# I lost my 1 while looping....

• 05-15-2006
mkimbrell
I lost my 1 while looping....
I am finding numbers that the sum of its divisors is either less than (deficient) equal to (perfect) or greater than (abundent) to the number. The numbers have a min and max range. I have discovered that when I use min = 1 the program works without a hitch.. (to my knowledege) But, when I use a min greater than 1 the program looses it's 1 as a divisor. Does someone have an idea how to make 1 always a factor no matter what the minimum value is? Here is my code:
Code:

```#include <iostream> #include <iomanip> using namespace std; int main () { cout<< "What is the Minimum value? \n"; int MIN; cin >> MIN; cout<< "What is the Maximum value? \n"; int MAX; cin >> MAX; int n, div, sum; n = MIN;         cout << "Number  Factors          sum          classification" << endl;//Column Header         for(n; n < MAX; ++n)                                                        //Outer loop - steps through integers {         sum = 0;                                        //Initialize sum cout << setw(4) << n << "    "; //Row header if (n == 1)                //Special case for n == 1 {cout << "1"; sum = 1;        } else                //Otherwise {for (div = MIN; div < MAX; ++div) //Inner loop - steps through divisors {if (div == 1)                        //If the divisor equals 1 - special case {cout << "1";        //Outputs the first factor sum = 1;        //Adds the factor to the sum } else if (n % div == 0)                                //Otherwise, checks if integer n is divisible evenly {        //If true                                        if (n != div)        //Checks to exclude the integer itself {cout << ", " << div;                //Outputs the next factor sum += div;                        //Adds the factor to the sum } } }                                                                                                //End inner loop }                                                cout <<sum; if(sum == n)        //If the sum of the divisors equals the number {cout << "                  Perfect" << endl;        //Output "Perfect" } else if (sum < n)                        {cout << "                  Deficient" << endl;                        //Output "Abundant" } else {cout << "                  Abundant" << endl; } } return 0; }```
• 05-15-2006
JaWiB
First of all, that's got to be some of the ugliest formatting I've ever seen. At least add some indentation, for example you might do one of the following:
Code:

```if (/*...*/) {   //code } //or for (/*...*/) {   //code }```
Is MAX supposed to be the number you're finding the factors of? It looks like you're trying to find the factors of n, but you set n equal to MIN, which doesn't seem to make sense. And I don't think you need nested loops (unless I'm completely misunderstanding what you're trying to do.)
• 05-16-2006
mkimbrell
JaWiB

Yes the formatting is off because I was trying to make it easier for someone to read on here. I moved everything to left and shrunk everything... Should have just left it alone.
Sorry it was hard to read.
Anyway, The MIN is the minimum constraint of the outer loop and MAX is the maximum constraint of the outer loop. So if MIN =1 and MAX = 100, the program with loop all integers till it reaches 100 .

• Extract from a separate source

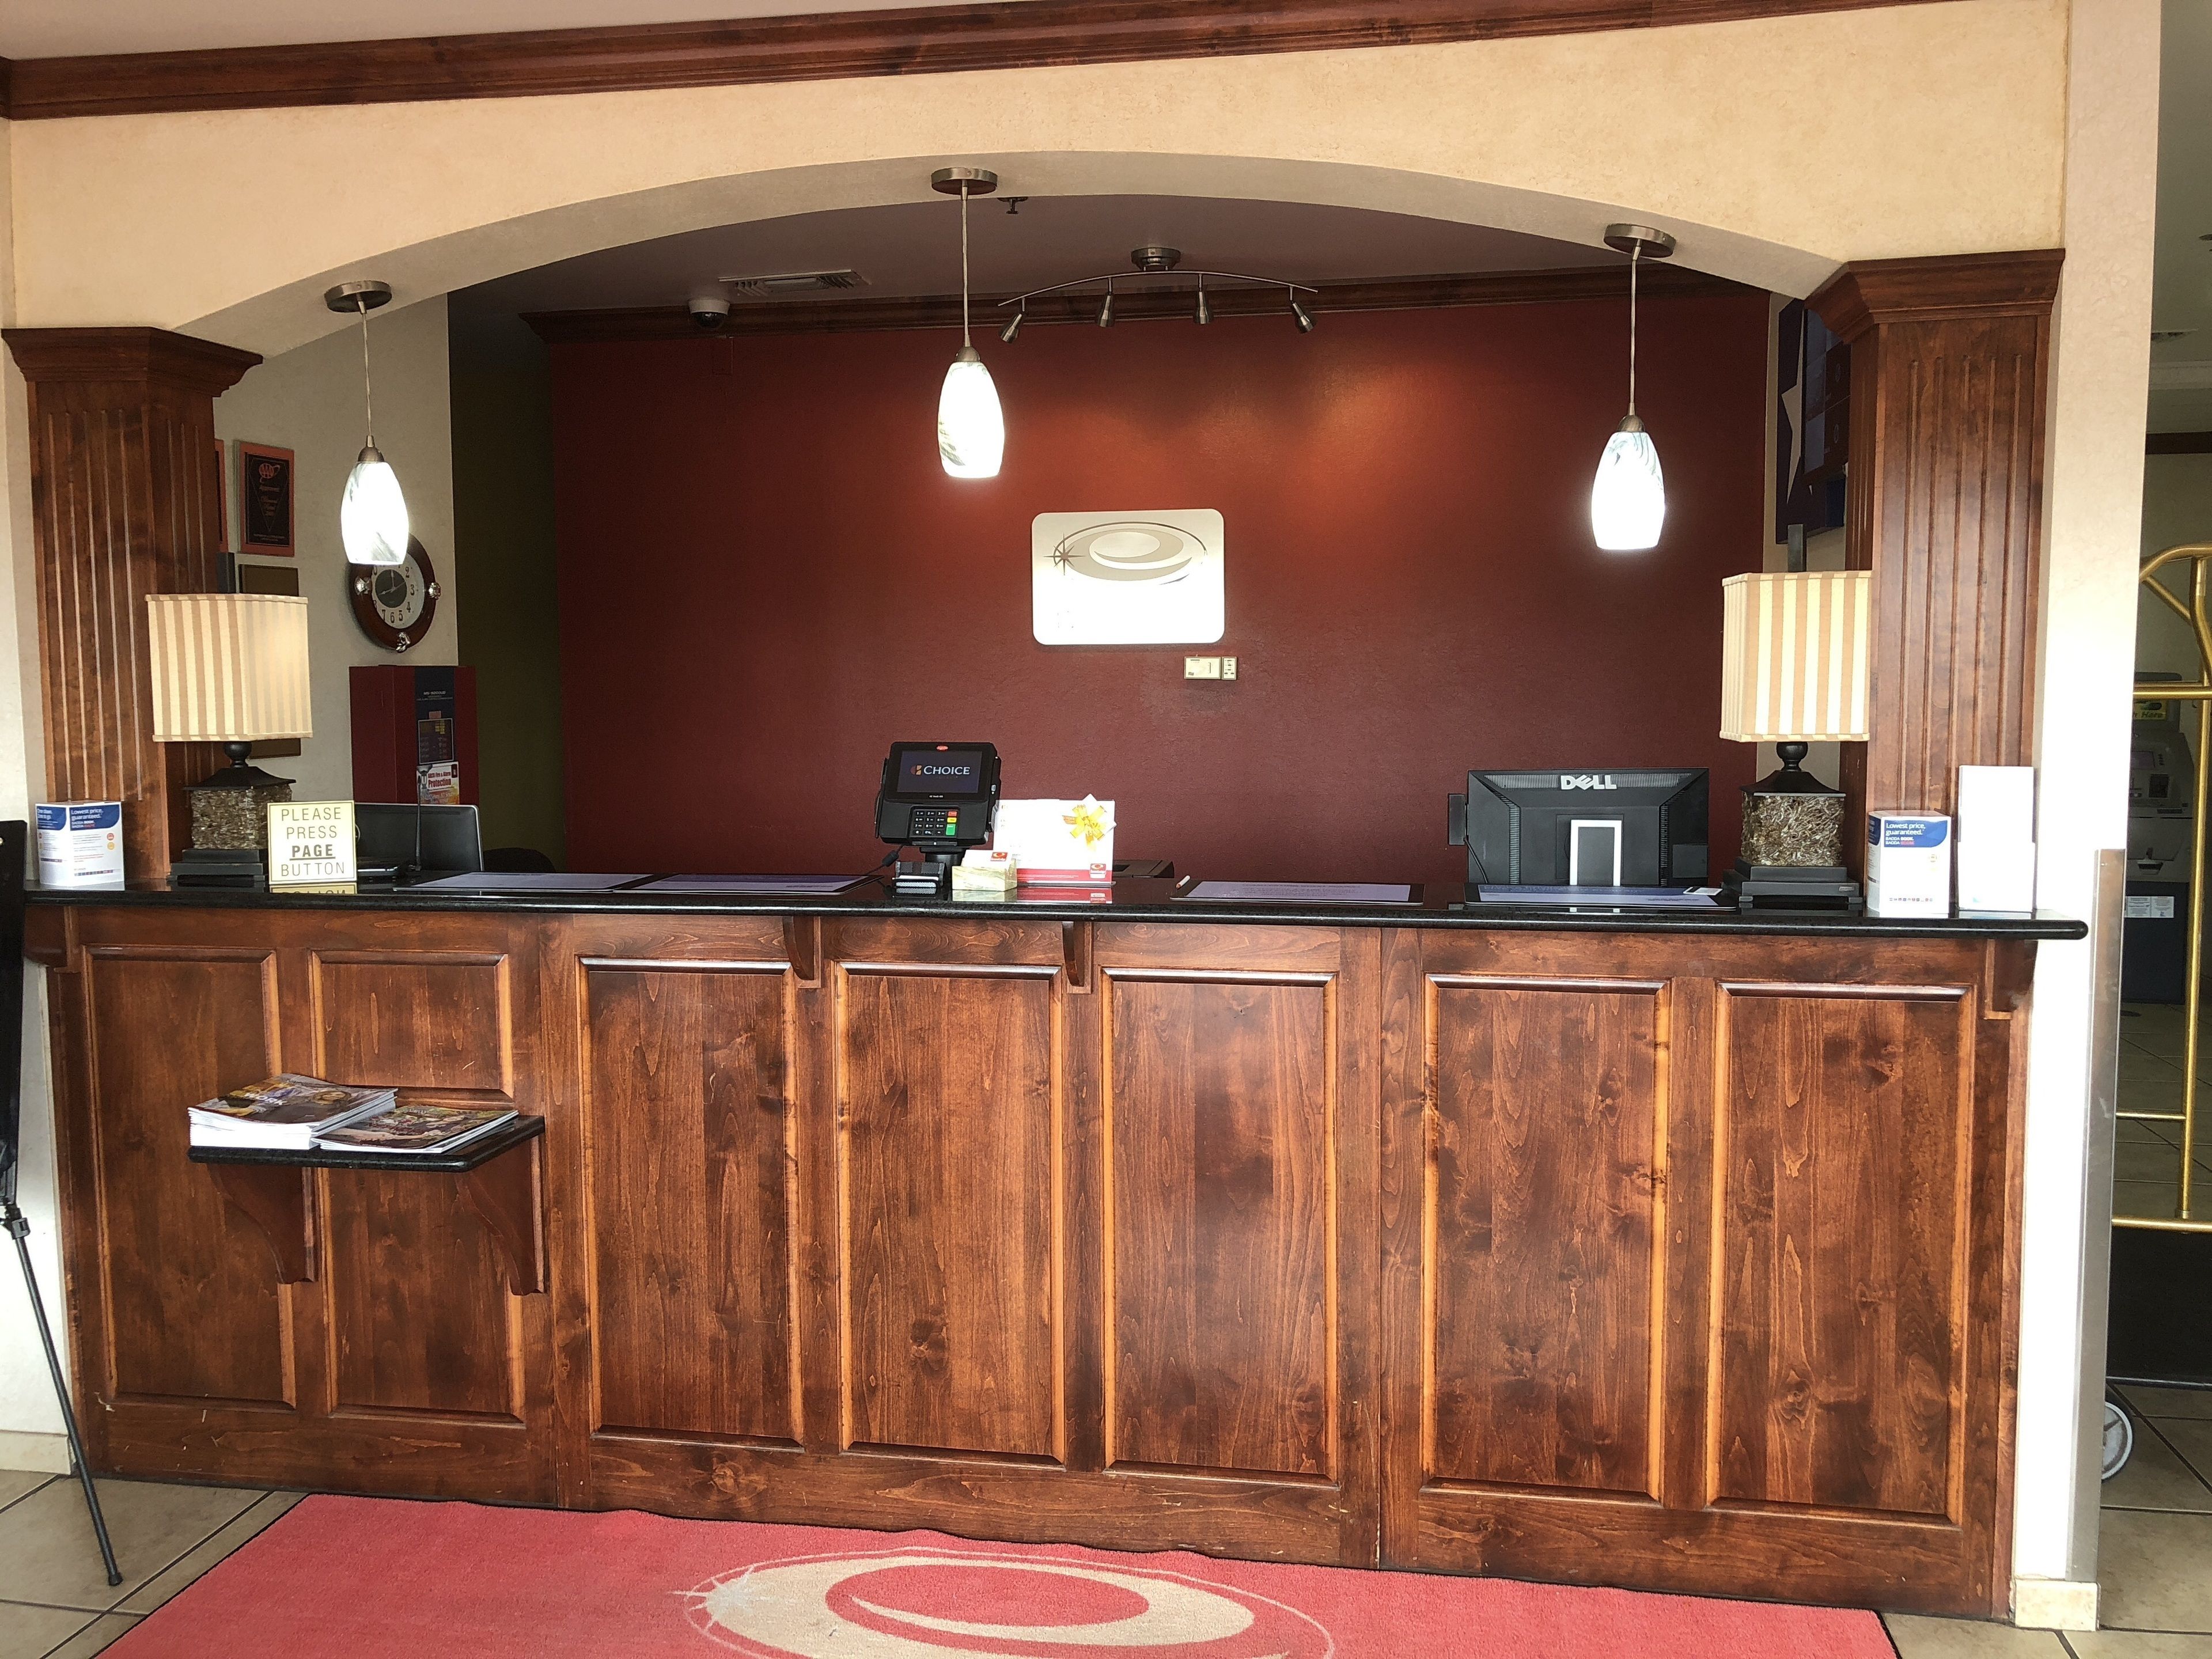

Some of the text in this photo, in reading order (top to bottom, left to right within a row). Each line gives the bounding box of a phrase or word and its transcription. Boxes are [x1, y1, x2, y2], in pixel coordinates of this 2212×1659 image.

The user can input whaterver MIN or MAX they wish and the program should output the all the integers from min to max with their associated sum of the divisors and it's orientation (deficient, perfect, or abundant).
• 05-16-2006
JaWiB
Ok, I think I understand better now. It seems to me you don't need these "special cases." Maybe you can just output '1' before the inner loop (without checking if n equals 1)

Also, in the inner loop, shouldn't the condition be div < n (or maybe n/2), not div < MAX?
• 05-17-2006
mkimbrell
Thank you
Thank you for your help. I found my mistake, I should have simply seperated the functions and tidied up the program a little. It works now. Thank you.